Kinsella began his Jersey Boys odyssey on an October evening in 2004 at Barbarella’s, an informal restaurant in La Jolla. The Kinsellas had tickets for a full-costume, “technical rehearsal,” but he says all they knew about the show at the time was that it was a musical about the Four Seasons. With a 9 p.m. curtain following a late dinner, Kinsella recalled, “My wife said to me, you’re going to fall asleep. And I said, ‘If I fall asleep in the first act, we’ll go home at the intermission.”

Instead, Kinsella says, “I was mesmerized from the first downbeat,” which by the way, introduces a French version of the Four Seasons’ hit, December 1963 (the song with the memorable refrain “Oh what a night.”) Kinsella says he was so smitten by the show that he sought out director Des McAnuff afterward to offer his enthusiastic financial support. McAnuff arranged for the Kinsellas to meet with the producer, Michael David.

Kinsella says his “VC instincts came into play” at the meeting, because David was “refreshingly honest”—in contrast to some promises he’s heard about many business propositions.
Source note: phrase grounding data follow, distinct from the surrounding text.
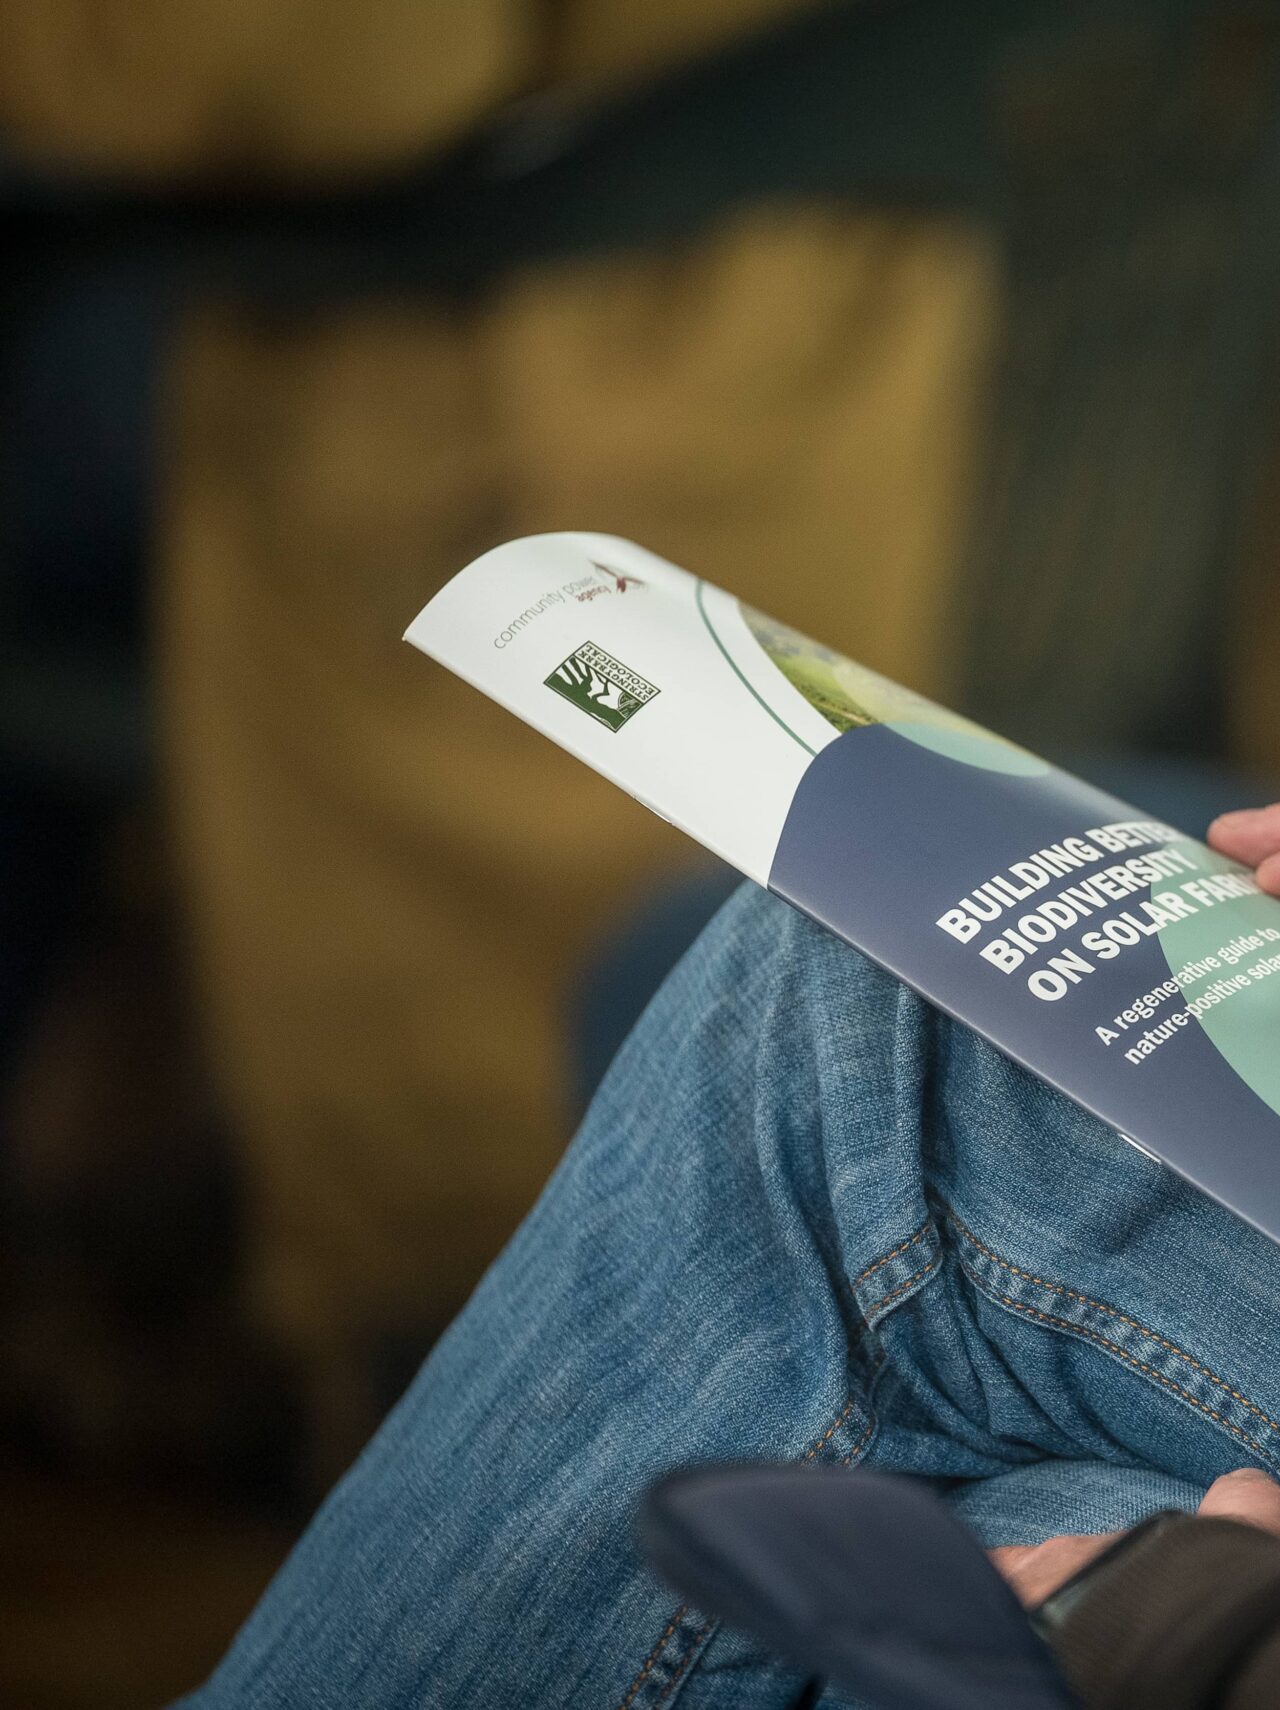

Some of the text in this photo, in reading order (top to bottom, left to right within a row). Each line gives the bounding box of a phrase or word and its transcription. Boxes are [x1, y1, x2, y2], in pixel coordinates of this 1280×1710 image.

[494, 589, 565, 649] community
[578, 650, 649, 701] STRINGYBARK
[585, 644, 656, 696] ECOLOGICAL
[936, 837, 1104, 944] BUILDING
[979, 849, 1198, 975] BIODIVERSITY
[1027, 948, 1096, 1001] ON
[1081, 892, 1199, 960] SOLAR
[1095, 1025, 1119, 1046] A
[1113, 954, 1222, 1030] regenerative
[1217, 932, 1258, 965] guide
[1124, 972, 1252, 1065] nature-positive
David “told us he’d won a boatload of Tonys, but he’d never had a mega hit. He said, if you’re looking to make a lot of money, this probably isn’t your best bet.”

Kinsella won’t say exactly how much he invested in Jersey Boys. Initially, it was “a six-figure amount” needed to help move the production to Broadway. He says he later made an additional “seven-figure commitment” in 2005, after another investor unexpectedly backed out. Kinsella was so enthusiastic, in fact, that other prominent San Diegans, including San Diego Xconomists Ivor Royston of Forward Ventures and Drew Senyei of Enterprise Partners Venture Capital, were among those who made their own separate investments in the show.
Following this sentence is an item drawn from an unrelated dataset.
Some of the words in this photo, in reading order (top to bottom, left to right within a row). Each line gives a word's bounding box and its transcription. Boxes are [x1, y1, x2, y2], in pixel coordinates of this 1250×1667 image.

Meanwhile, Kinsella says, “The show opens in La Jolla, right, and it kills them. That’s a good term on Broadway. It was the most successful musical in the history of the La Jolla Playhouse. Many people saw it multiple times. The run there was extended three times.”

One reviewer wrote at the time: “The performance of Sherry on American Bandstand is Jersey Boys’ first show-stopper—literally. When the song ends, La Jolla audiences have been erupting into prolonged ovations. The crowd is transported in time back to 1962, and the original Four Seasons are faithfully reproduced. It’s an amazing piece of theater.”

Kinsella says the experience prompted a number of San Diego’s other Jersey Boys investors to bankroll other shows, notably the Broadway musical “Cry Baby,” which opened in New York earlier this year after a run at the La Jolla Playhouse. “The critics were unmerciful and it closed two months later, and they lost all their money,” Kinsella says.

Meanwhile, Jersey Boys is the only Broadway show that Kevin Kinsella and his wife have invested in. He says demand remains huge in U.S. cities, and the show could continue its run for a decade. “We’ve seen the show 85 times,” Kinsella says, “and our spirits soar every time.”